Sounds like a very strange world of robots fighting robots

falcor8411mo ago

In the stories, the robots eventually realize that they actually share common goals ...

Johnny_Bonk11mo ago· 1 in thread

So if I'm using claude code and developing a web app, its running on localhost:3000, can I use claude code to basically get ui information, browser console logs and other web dev feedback and useful information? Cause I installed it and added that file but all I see is the 55 tools and 6 apis when i open the browser extension. not the stuff i need. and i also installed the extension tools i think it was called.

miguelspizzaOP11mo ago

Ah maybe I should make that more clear. The web app is an example of a MCP-B server and the extension is a client. When you visit MCP-b.ai with the extension, it's tools will register

miguelspizzaOP11mo ago· 1 in thread

Hey HN,

This was an idea I had while trying to build MCP servers internally at Amazon. Today I am open sourcing it. TLDR it's an extension of the Model Context Protocol which allows you to treat your website as an MCP server which can be discovered and called by MCP-B compliant web extensions.

You can read a more detailed and breakdown here (with gifs): https://mcp-b.ai/blogs

miguelspizzaOP11mo ago

Oh and the code is here: https://github.com/MiguelsPizza/WebMCP

netrem11mo ago· 1 in thread

The product seems interesting, but the landing page I found very chaotic and gave up reading it. The individual pieces of information are fine I think, but the flow is poor and some info repeats. Was it AI generated?

miguelspizzaOP11mo ago

Yes it was mostly AI generated. I'm much more of a dev than a writer/marketer. Hopefully if this gains some traction I can pay someone to clean it up

metta2uall11mo ago· 1 in thread

Looks great. I love ideas that increase efficiency and reduce electricity usage.

Only nitpick is that the home page says "cross-browser" at the bottom but the extension is only available for Chrome..

miguelspizzaOP11mo ago

Ah yea I'll fix that. Nice catch

rapind11mo ago· 1 in thread

This looks great. I'd really like to add something like this to my application (public and admin side). I have users, especially on the admin side, that could really benefit.

miguelspizzaOP11mo ago

Thanks! I'd be happy to help onboard.

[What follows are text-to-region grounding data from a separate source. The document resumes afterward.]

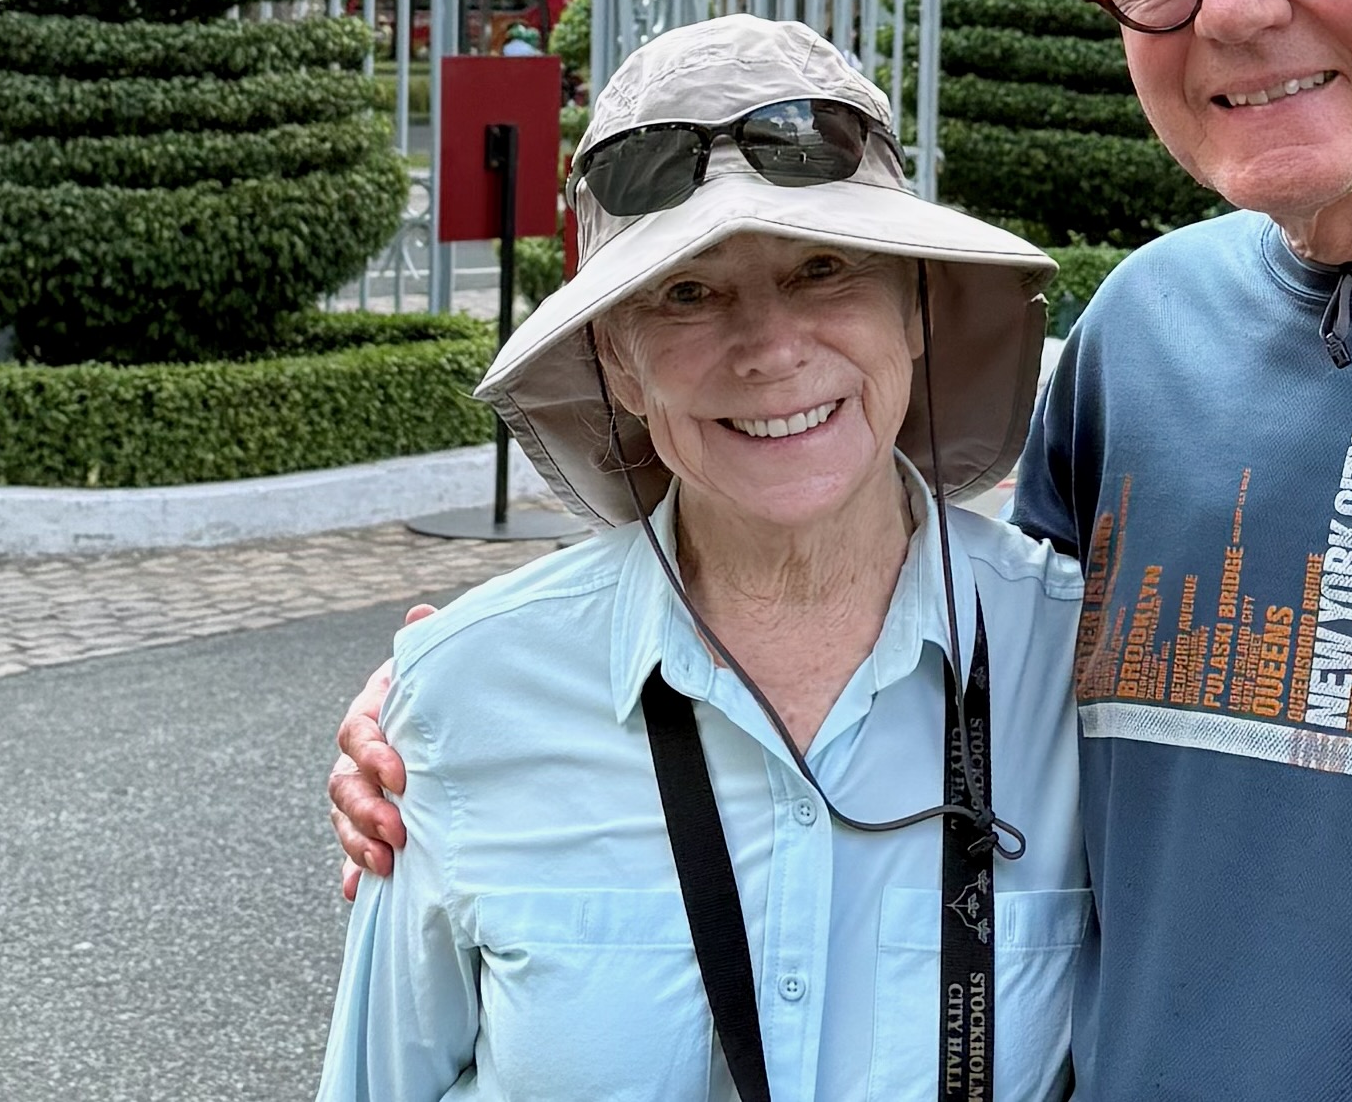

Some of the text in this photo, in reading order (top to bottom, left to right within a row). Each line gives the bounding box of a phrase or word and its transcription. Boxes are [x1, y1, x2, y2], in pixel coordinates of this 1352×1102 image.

[1117, 565, 1163, 697] BROOKLYN
[1170, 574, 1198, 703] BEDFORD AVENUE
[1218, 547, 1244, 619] BRIDGE
[1287, 553, 1324, 721] QUEENSBORO BRIDGE
[1204, 623, 1233, 708] PULASKI
[1229, 595, 1255, 711] LONG ISLAND CITY
[1246, 634, 1263, 683] STREET
[1252, 605, 1294, 717] QUEENS
[947, 983, 963, 1095] CITY HALL
[968, 972, 985, 1102] STOCKHOLM
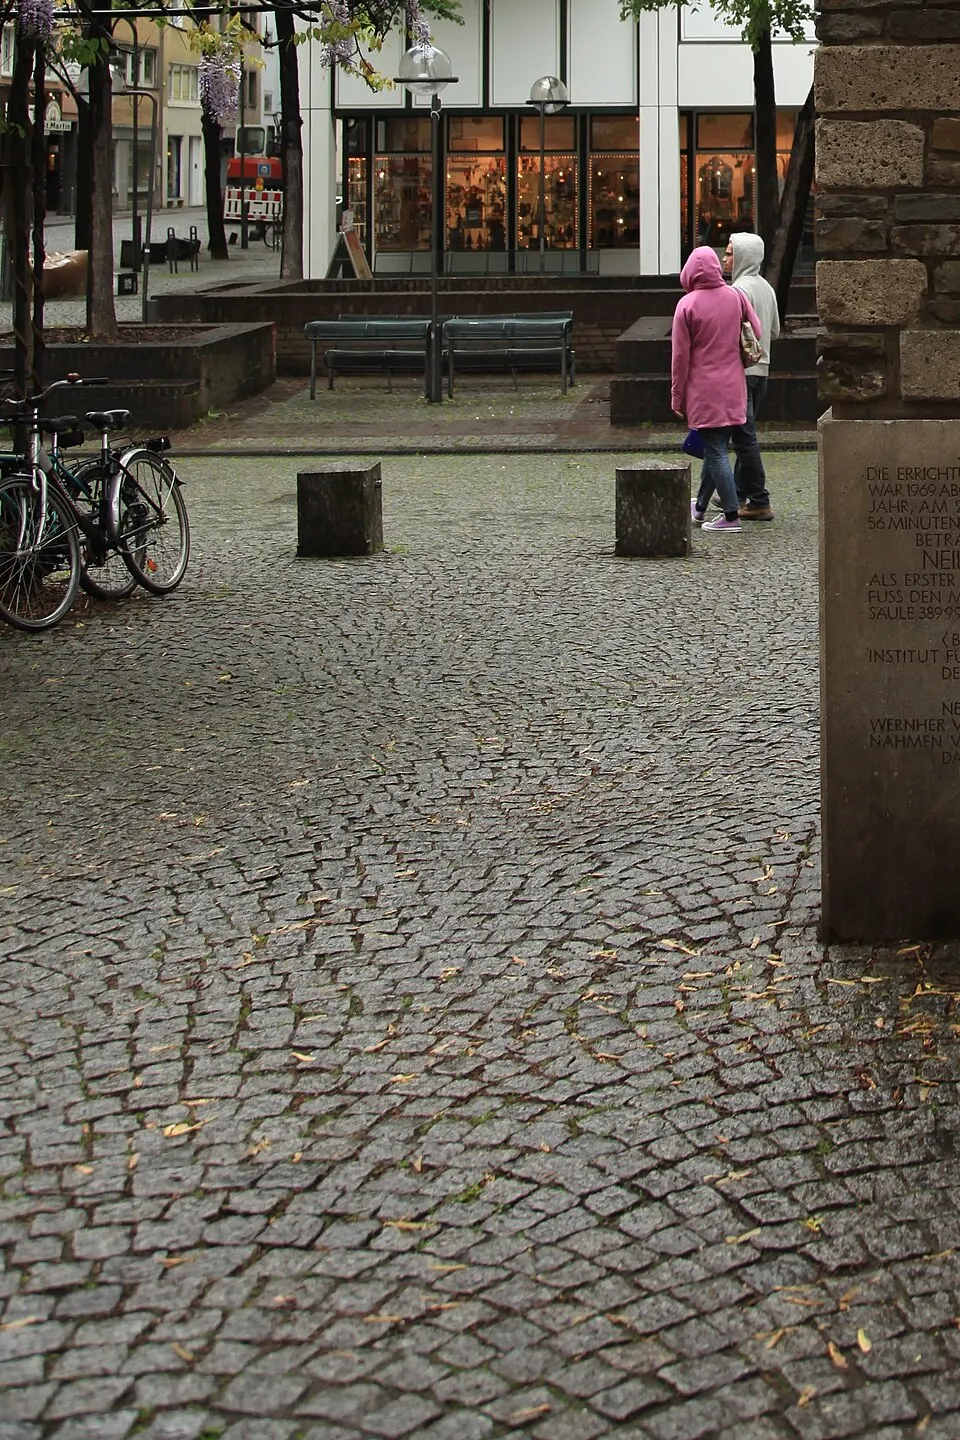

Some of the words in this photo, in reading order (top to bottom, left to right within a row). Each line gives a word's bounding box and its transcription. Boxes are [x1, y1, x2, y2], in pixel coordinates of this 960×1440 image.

[866, 466, 889, 481] DIE
[868, 483, 903, 497] WAR
[907, 483, 937, 497] 1969
[868, 499, 914, 514] JAHR,
[918, 499, 948, 514] AM
[868, 517, 885, 530] 56
[888, 517, 960, 530] MINUTEN
[869, 573, 897, 587] ALS
[905, 573, 955, 587] ERSTER
[868, 590, 902, 604] FUSS
[909, 590, 941, 604] DEN
[869, 606, 915, 620] SÄULE
[869, 649, 938, 663] INSTITUT
[869, 718, 945, 733] WERNHER
[869, 735, 942, 749] NAHMEN
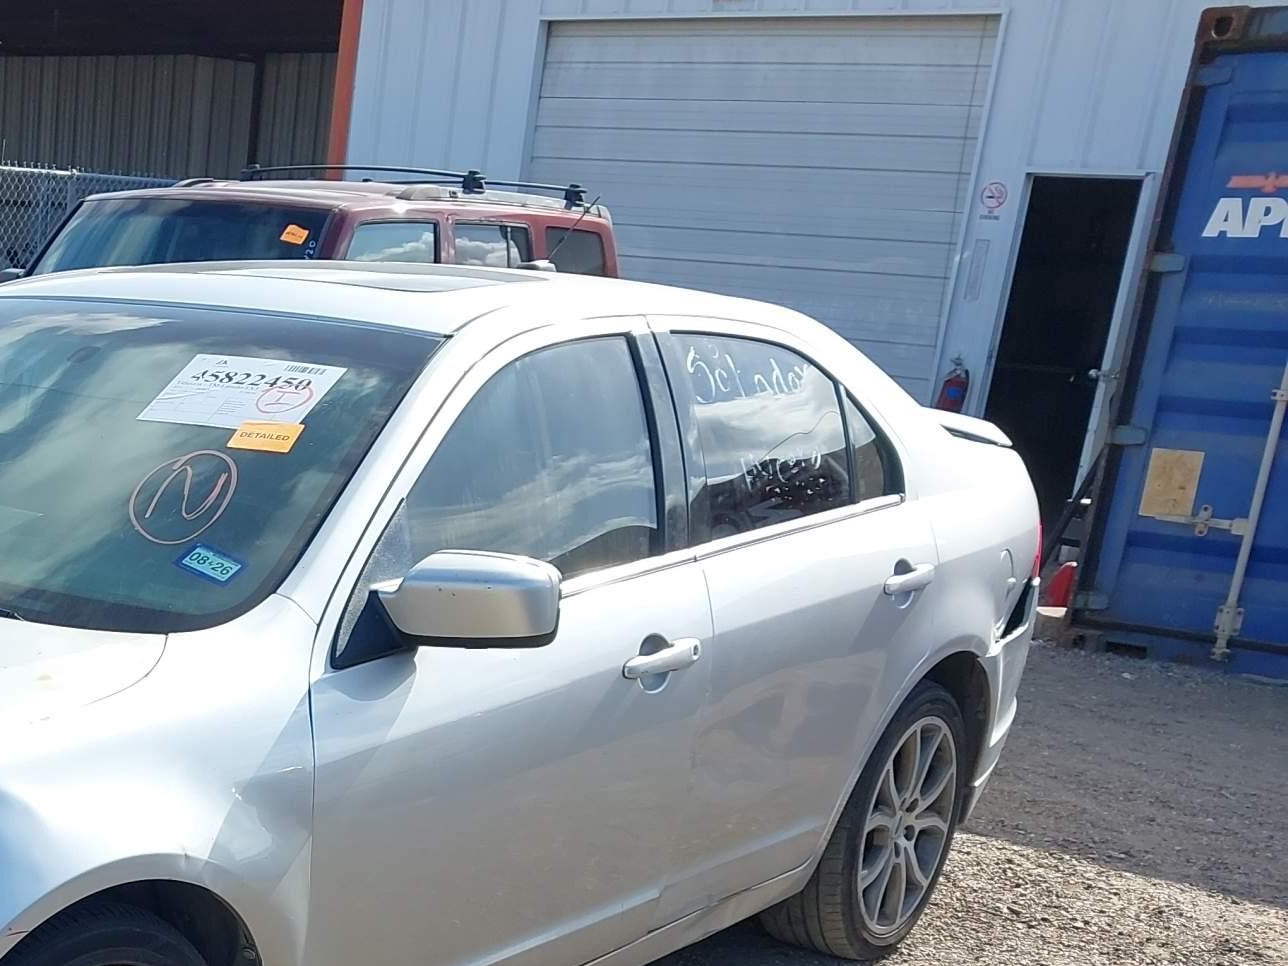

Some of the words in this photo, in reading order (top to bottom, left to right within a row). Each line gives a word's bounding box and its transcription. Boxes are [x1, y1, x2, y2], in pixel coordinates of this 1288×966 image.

[1201, 197, 1288, 238] AP
[191, 369, 312, 391] 45822450
[240, 431, 290, 441] DETAILED
[144, 465, 229, 521] N

Let me know!

hereforcomments11mo ago· 1 in thread

RIP QA engineers

volkandkaya11mo ago

Sounds like more work needed for QA engineers, they will have to test that MCP-B works well with a bunch of other sites.

abrookewood11mo ago

Looks similar to Elixir's Tidewave MCP server, which currently also supports Ruby: https://tidewave.ai/

Paraphrasing: Connect your editor's assistant to your web framework runtime via MCP and augment your agentic workflows and chats with: Database integration; Logs and runtime introspection; Code evaluation; and Documentation context.

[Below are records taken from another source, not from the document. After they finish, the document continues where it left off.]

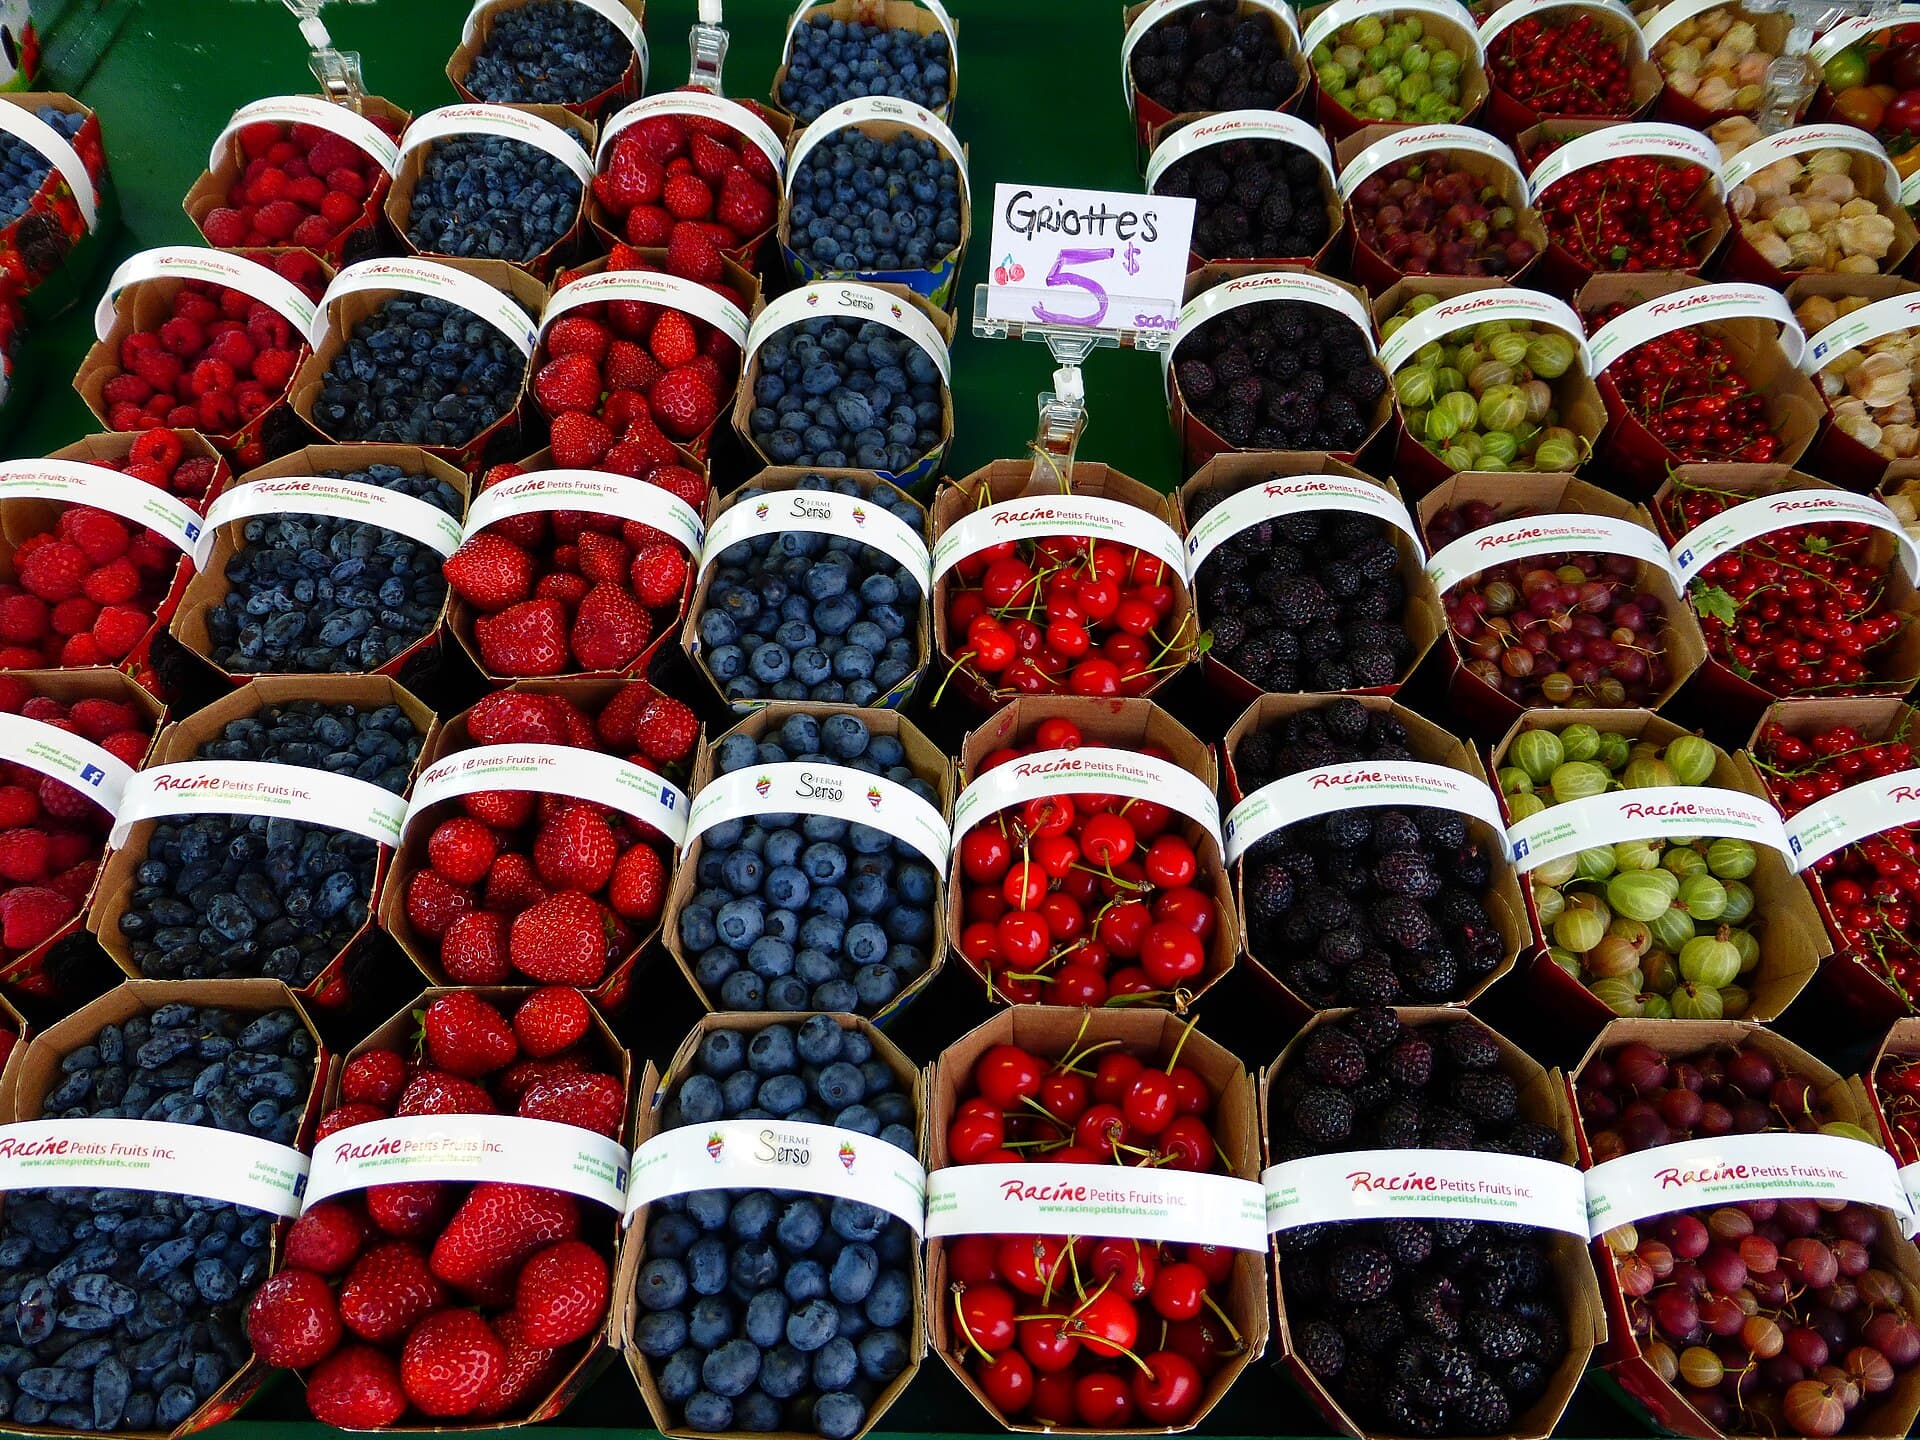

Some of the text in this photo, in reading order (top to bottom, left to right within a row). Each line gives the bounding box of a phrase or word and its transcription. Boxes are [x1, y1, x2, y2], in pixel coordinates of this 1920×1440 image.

[1032, 248, 1115, 327] 5
[1225, 277, 1282, 293] Racine
[838, 290, 874, 311] Serso
[1436, 297, 1496, 319] Racine
[1648, 294, 1710, 316] Racine
[252, 481, 311, 494] Racine
[789, 497, 832, 520] Serso
[1769, 498, 1838, 513] Racine
[991, 508, 1055, 526] Racine
[1475, 527, 1542, 551] Racine
[476, 754, 557, 767] Petits Fruits inc.
[1014, 758, 1083, 780] Racine
[1084, 760, 1114, 771] Petits
[1116, 762, 1145, 777] Fruits
[153, 774, 312, 800] Racine Petits Fruits inc.
[796, 772, 844, 802] Serso
[1307, 770, 1383, 790] Racine
[1383, 773, 1414, 784] Petits
[1620, 801, 1698, 819] Racine
[0, 1136, 176, 1162] Racine Petits Fruits inc.
[336, 1136, 402, 1165] Racine
[482, 1141, 504, 1154] inc.
[754, 1129, 811, 1166] Serso
[777, 1133, 811, 1146] FERME
[1345, 1172, 1533, 1199] Racine Petits Fruits inc.
[1654, 1162, 1848, 1190] Racine Petits Fruits inc.
[1000, 1179, 1088, 1204] Racine
[1090, 1187, 1126, 1204] Petits
[1129, 1189, 1165, 1205] Fruits
[1038, 1203, 1169, 1219] www.racinepetitsfruits.com

Edit: Re-reading MCP-B docs, that is more geared towards allowing visitors to your site to use MCP, while Tidewave is definitely focussed on Developers.

xnx11mo ago

AI automation is exciting because it doesn't require any cooperation from the site.

It's nice when a site is user friendly (RSS, APIs, obvious JSON, etc.) but it is more powerful to be self sufficient.

nurettin11mo ago

This gave me an idea. Instead of writing/maintaining servers and whatnot, why not just open the browser and give [$LLM] access to the development port and let it rip using the puppeteer protocol?

devops00011mo ago

I still don’t understand. The browser is made for human. We already invented the API to comunicare between machines. Why a machine should use a UI?

_1tem11mo ago

The entire point of AI Agents is that they should "just work" for websites that don't have APIs. Lots of websites simply have no incentive or resources to provide a good API.

damnever11mo ago

As far as I can tell, "API" and the webpages often have different authentication methods.

ge9611mo ago

Ultimate test for me, make me a payment system where I put in $1 and it gives me $2 back

calrain11mo ago

Do you really want to change 'everything'?

bpiroman11mo ago

Vite ...

roundrobins11mo ago

It's not every day that I catch tomorrow's huge hit today on a random HN post.

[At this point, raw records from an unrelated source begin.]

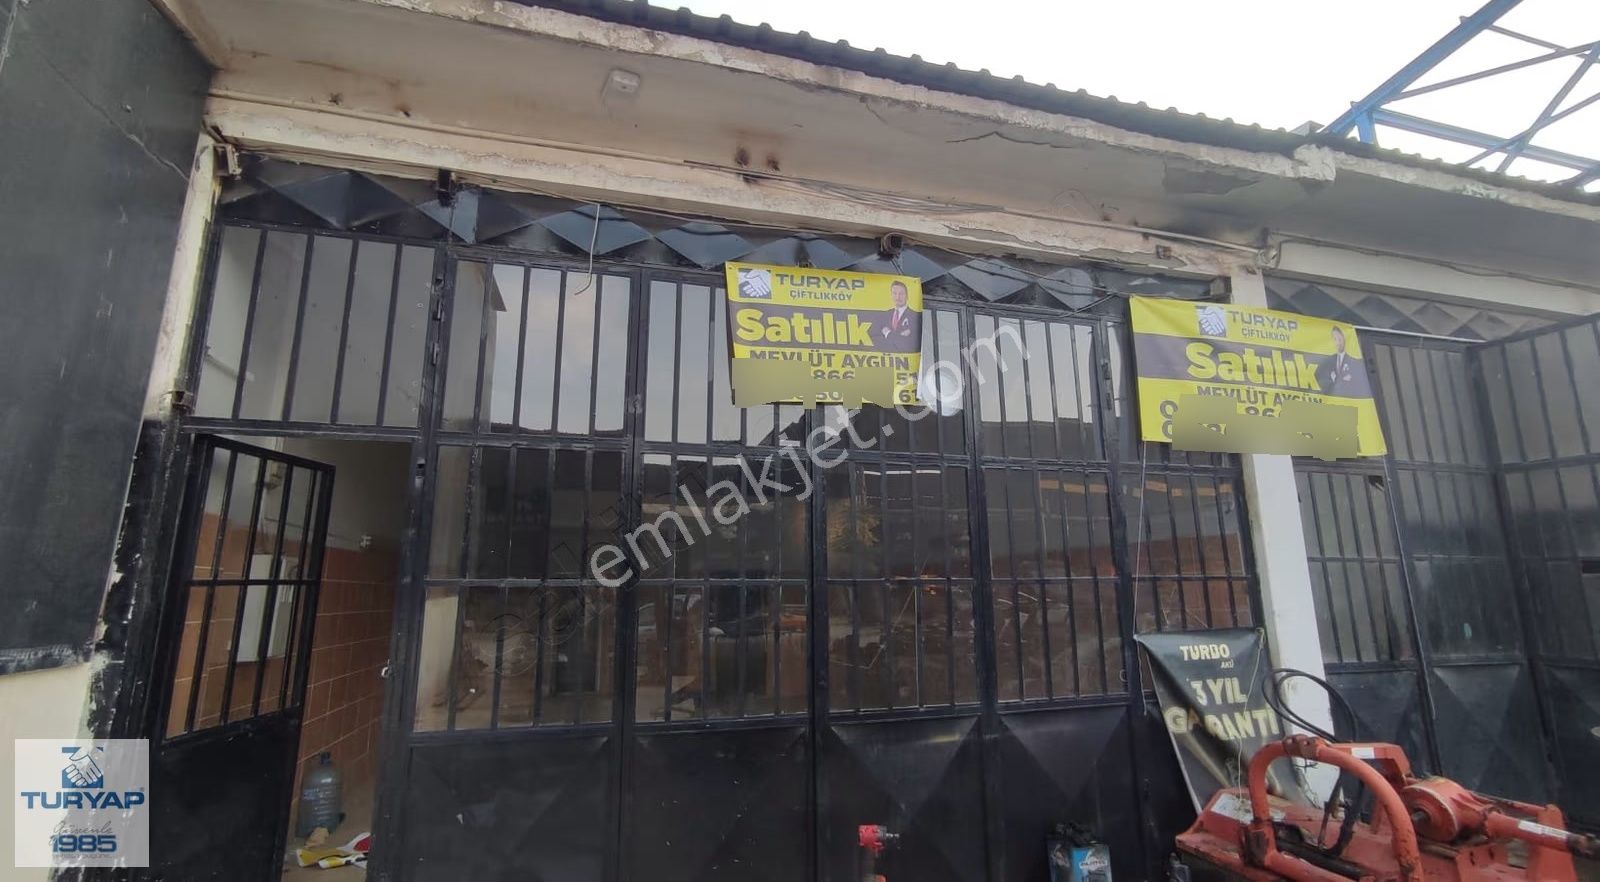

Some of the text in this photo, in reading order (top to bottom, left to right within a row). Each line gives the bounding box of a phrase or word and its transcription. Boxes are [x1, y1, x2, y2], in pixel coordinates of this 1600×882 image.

[775, 273, 865, 290] TURYAP
[736, 308, 875, 346] Satılık
[1227, 310, 1299, 331] TURYAP
[1185, 342, 1321, 391] Satılık
[1190, 677, 1248, 706] 3 YIL

Better get ready to quit your day job and get funded buddy, as my 30 years worth of tech instincts tell me this will take off vertically!

1 more reply

j / k navigate · click thread line to collapse

184 comments

118 comments · 34 top-level

jacquesm11mo ago· 14 in thread

Prediction: this will go the same way as RSS. Companies don't like you to be in control of how you use their data.

TeMPOraL11mo ago

Indeed. Though I guess a better example would be: it'll go the same way as REST APIs (which happen to be fundamentally the same thing as MCP anyway).

It all died before it could come to pass, because businesses quickly remembered that all their money comes specifically from denying users those capabilities.

throwawaymaths11mo ago

REST did not die. it mostly became a mechanism for business managers to separate concerns between frontend and backend.

i wonder if mcp will become, "let the project people talk to the backend team and the frontend team separately and the AI will figure out the middle"

1 more reply

xienze11mo ago

> and people thought it'll empower people by letting programs navigate services for them programmatically?

1 more reply

deepdarkforest11mo ago

1 more reply

pyuser58311mo ago

How is MCP doing the same as REST?

I’m a REST developer learning MCP, and most of my effort is spent finding anything new to learn.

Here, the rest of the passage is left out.